In this article, we propose a formal framework to define TBR and THR for a binary endpoint and an estimation procedure based on the conditional independence of the potential outcomes. Our estimation strategy also naturally incorporates a sensitivity analysis scheme to assess the impact of assumption violation. In what follows, we describe the framework and estimation method in Section 2, apply the method to MADIT-II data in Section 3, assess the estimation procedure through a simulation study in Section 4, and conclude the article with a discussion section.

2. Method

2.1 Background

A well-accepted conceptual framework to study treatment effect is the potential outcomes (Holland, 1986; Rubin, 2007). In this framework, a subject is assumed to have two potential outcome values, Y₁ (under the intervention) and Y₀ (under the control). The treatment effect of the intervention is a contrast between Y₁ and Y₀, i.e. δ = Y₁ − Y₀. However, in reality often we only observe the potential outcome under the treatment the subject actually receives. The essential idea of potential outcomes, therefore, is the acknowledgement of the outcome that could have been observed had the subject received the treatment different from what s/he actually received. This practical difficulty prevents us from directly estimating the treatment effect for any given individual. Nevertheless, one can estimate the treatment effect averaged across patients through either randomized trials or observational studies (Rubin, 2007).

2.2 Definition

Roughly speaking, TBR is the proportion of the relevant population that benefits from the intervention as compared with the control for a given endpoint. THR is the proportion that is harmed by the intervention as compared with the control based on the same endpoint. Concepts of TBR and THR under specific definitions of “benefit” have been proposed in the literature (Albert, Gadbury and Mascha, 2005; Gadbury and Iyer, 2000; Gadbury, Iyer and Albert, 2004; Gadbury, Iyer and Allison, 2001). Nevertheless, previous literature has been focused on developing inferential bounds for TBR. Here we propose a general framework for the estimation of TBR/THR. Specifically, let Y₁ and Y₀ be the potential binary outcomes under the intervention and the control, respectively, with value 1 indicating more favorable health condition and 0 otherwise. Naturally, “benefit” and “harm” can be defined as

Benefit : (Y_{0} = 0, Y_{1} = 1); Harm : (Y_{0} = 1, Y_{1} = 0) .

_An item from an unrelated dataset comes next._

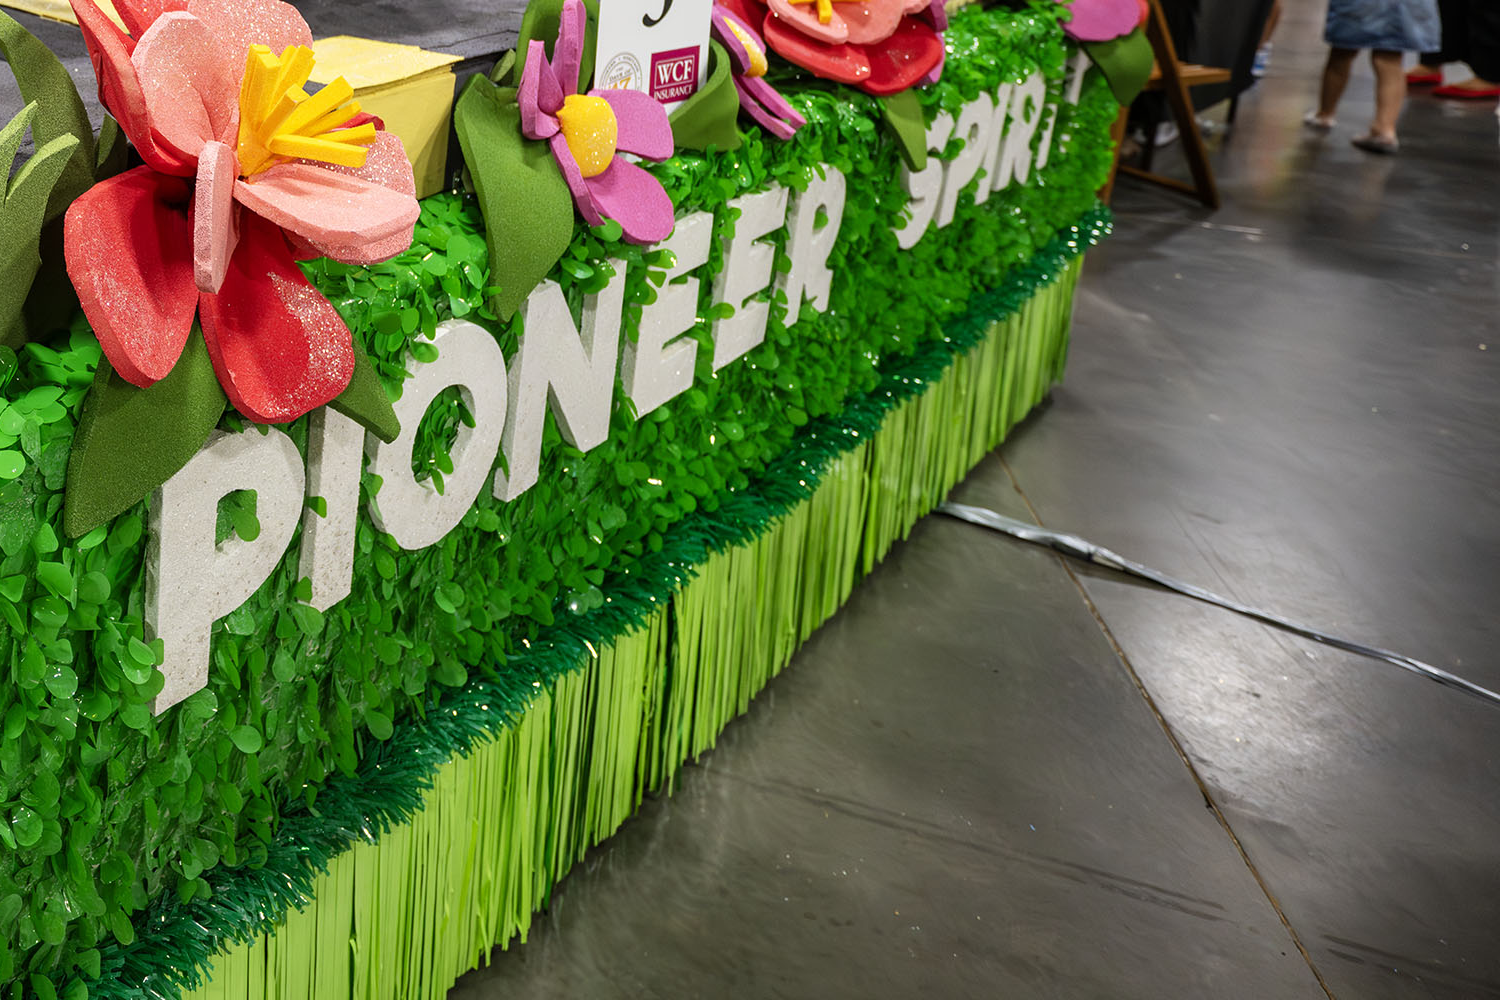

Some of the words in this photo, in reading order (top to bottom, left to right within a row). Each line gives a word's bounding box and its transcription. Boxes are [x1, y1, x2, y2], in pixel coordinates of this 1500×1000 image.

Hence the TBR and THR can be defined as

TBR = Pr (Y_{0} = 0, Y_{1} = 1); THR = Pr (Y_{0} = 1, Y_{1} = 0) .

Obviously, the rest of the population, 1–TBR–THR, represent those subjects whose end-points remain the same regardless of treatment received. Straight forward algebra shows the following relationship:

TBR - THR = Pr (Y_{1} = 1) - Pr (Y_{0} = 1) .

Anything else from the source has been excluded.